Simultaneously with the Closing, Mr. Wayne Tsao was appointed
as the Company’s Chief Executive Officer, President and the Chairman of the Board, and Ms. Charlene Cheng was appointed as
the Chief Financial Officer and a director of the Board, all became effective on October 23, 2017.
As a result of the closing of the SPA and change of control,
the Company with new management team is focusing on seeking to acquire an operating business with strong growth potential.
The value of our company is now dependent upon our ability to
locate and consummate the acquisition of an operating business with strong growth potential. As of the date of filing of this Report,
we have minimal cash. However, prior to completing an acquisition, our expenses will consist primarily of compliance costs associated
with being a public company, and we expect these compliance costs to be substantially less than they have been historically, at
least until we complete an acquisition transaction. Also, as noted above, we have issued stock in exchange for office space and
all other services needed to maintain the company as a public company with respect to calendar year 2017.
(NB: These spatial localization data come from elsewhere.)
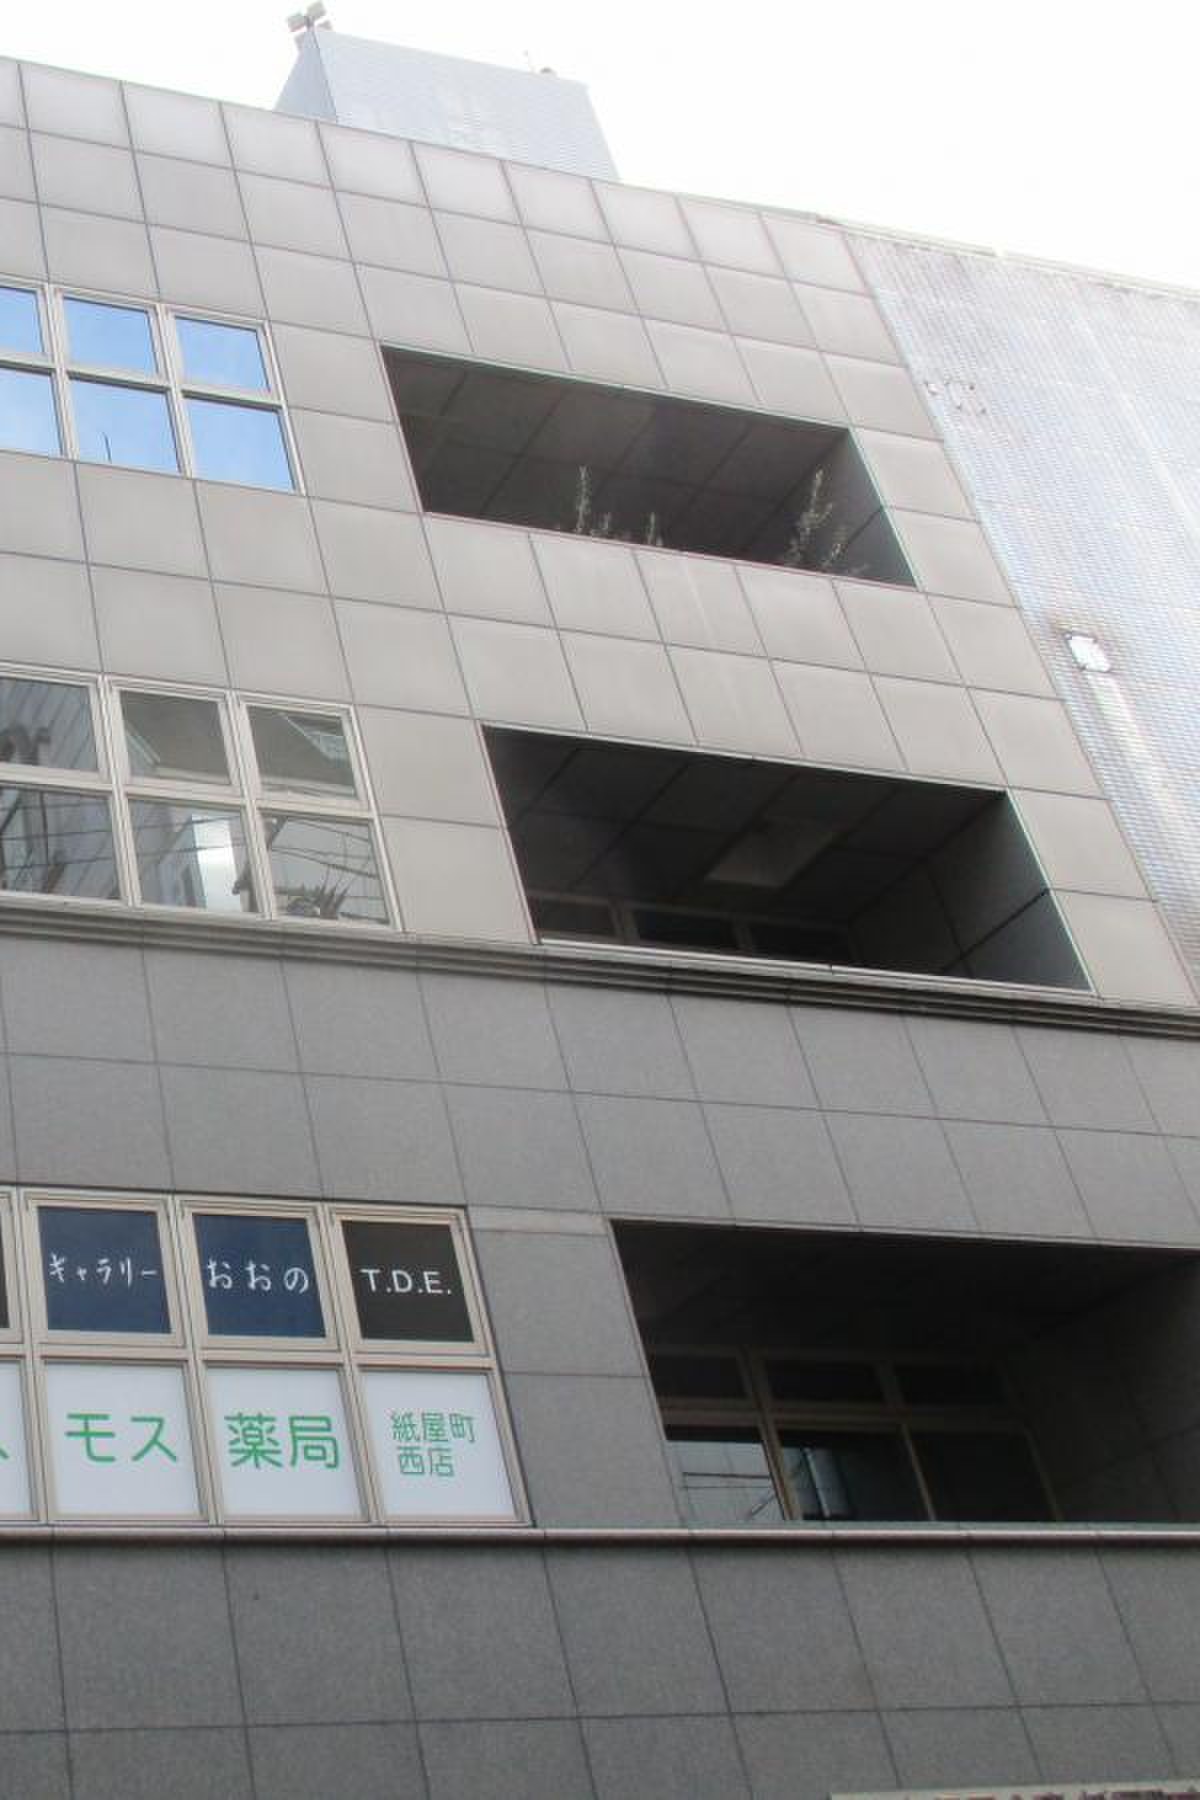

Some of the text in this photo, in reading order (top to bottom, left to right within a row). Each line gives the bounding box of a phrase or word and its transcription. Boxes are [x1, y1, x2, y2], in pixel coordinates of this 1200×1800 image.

[361, 1267, 453, 1296] T.D.E.
[390, 1411, 477, 1444] 紙屋町
[396, 1446, 455, 1478] 西店
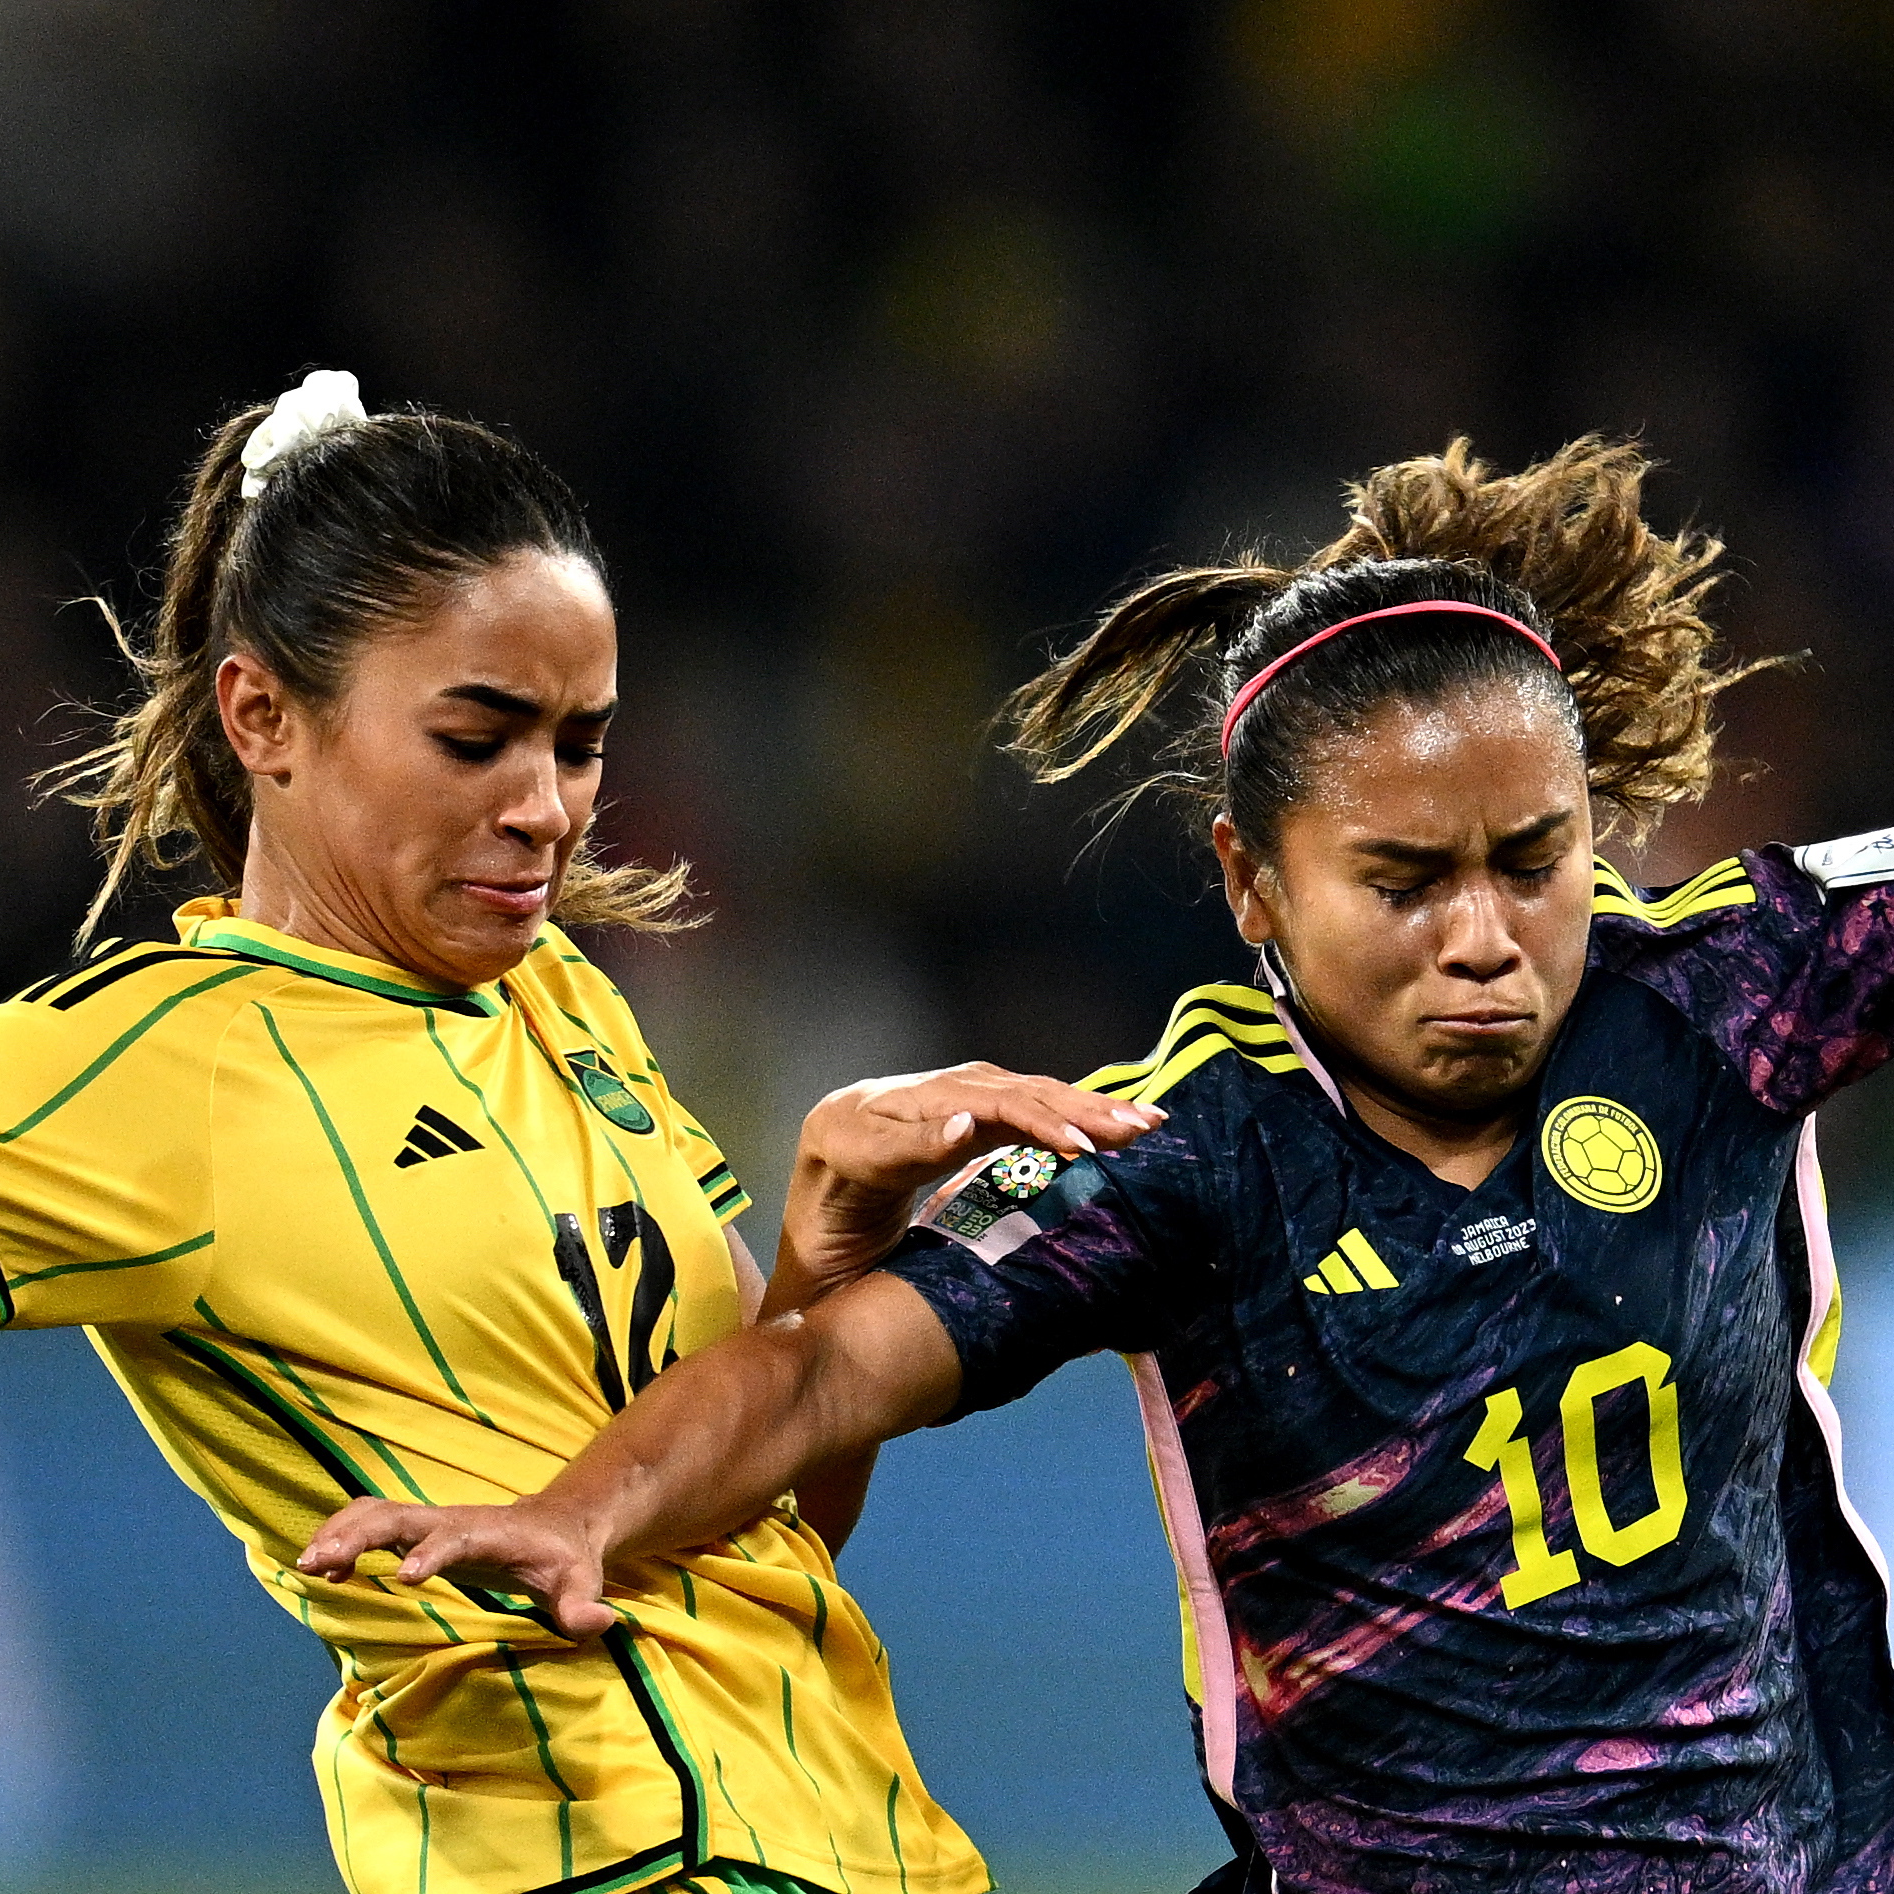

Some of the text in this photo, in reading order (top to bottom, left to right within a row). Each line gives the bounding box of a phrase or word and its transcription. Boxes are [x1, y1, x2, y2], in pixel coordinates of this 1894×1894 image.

[957, 1221, 982, 1237] 23
[968, 1209, 993, 1226] 20
[1460, 1215, 1510, 1240] JAMAICA
[1463, 1229, 1506, 1253] AUGUST
[1505, 1218, 1537, 1240] 2023
[1468, 1237, 1531, 1266] MELBOURNE
[553, 1200, 679, 1414] 12
[1464, 1341, 1689, 1610] 10
If we need to raise additional funds, we intend to do so through
equity and/or debt financing.
Going Concern Consideration
During the three months ended March 31, 2019, the Company has
been unable to generate cash flows sufficient to support its operations and has been dependent on capital contributions made by
a significant stockholder. In addition, the Company has experienced recurring net losses, and has an accumulated deficit of $1,154,601
as of March 31, 2019. These factors raise substantial doubt about the Company’s ability to continue as a going concern.
There can be no assurance that sufficient funds required during
the next year or thereafter will be generated from any future operations or that funds will be available from external sources
such as debt or equity financings or other potential sources. If the Company is unable to raise capital from external sources when
required, there would be a material adverse effect on its business. Furthermore, there can be no assurance that any such required
funds, if available, will be available on attractive terms or that they will not have a significant dilutive effect on the Company’s
existing stockholders. The Company is now seeking an operating company with which to merge or acquire. There is no assurance, however,
that the Company will achieve its objectives or goals.
Off-Balance Sheet Arrangements
The Company has no off-balance sheet arrangements as defined
in Item 303(a) (4) (ii) of the SEC’s Regulation S-K.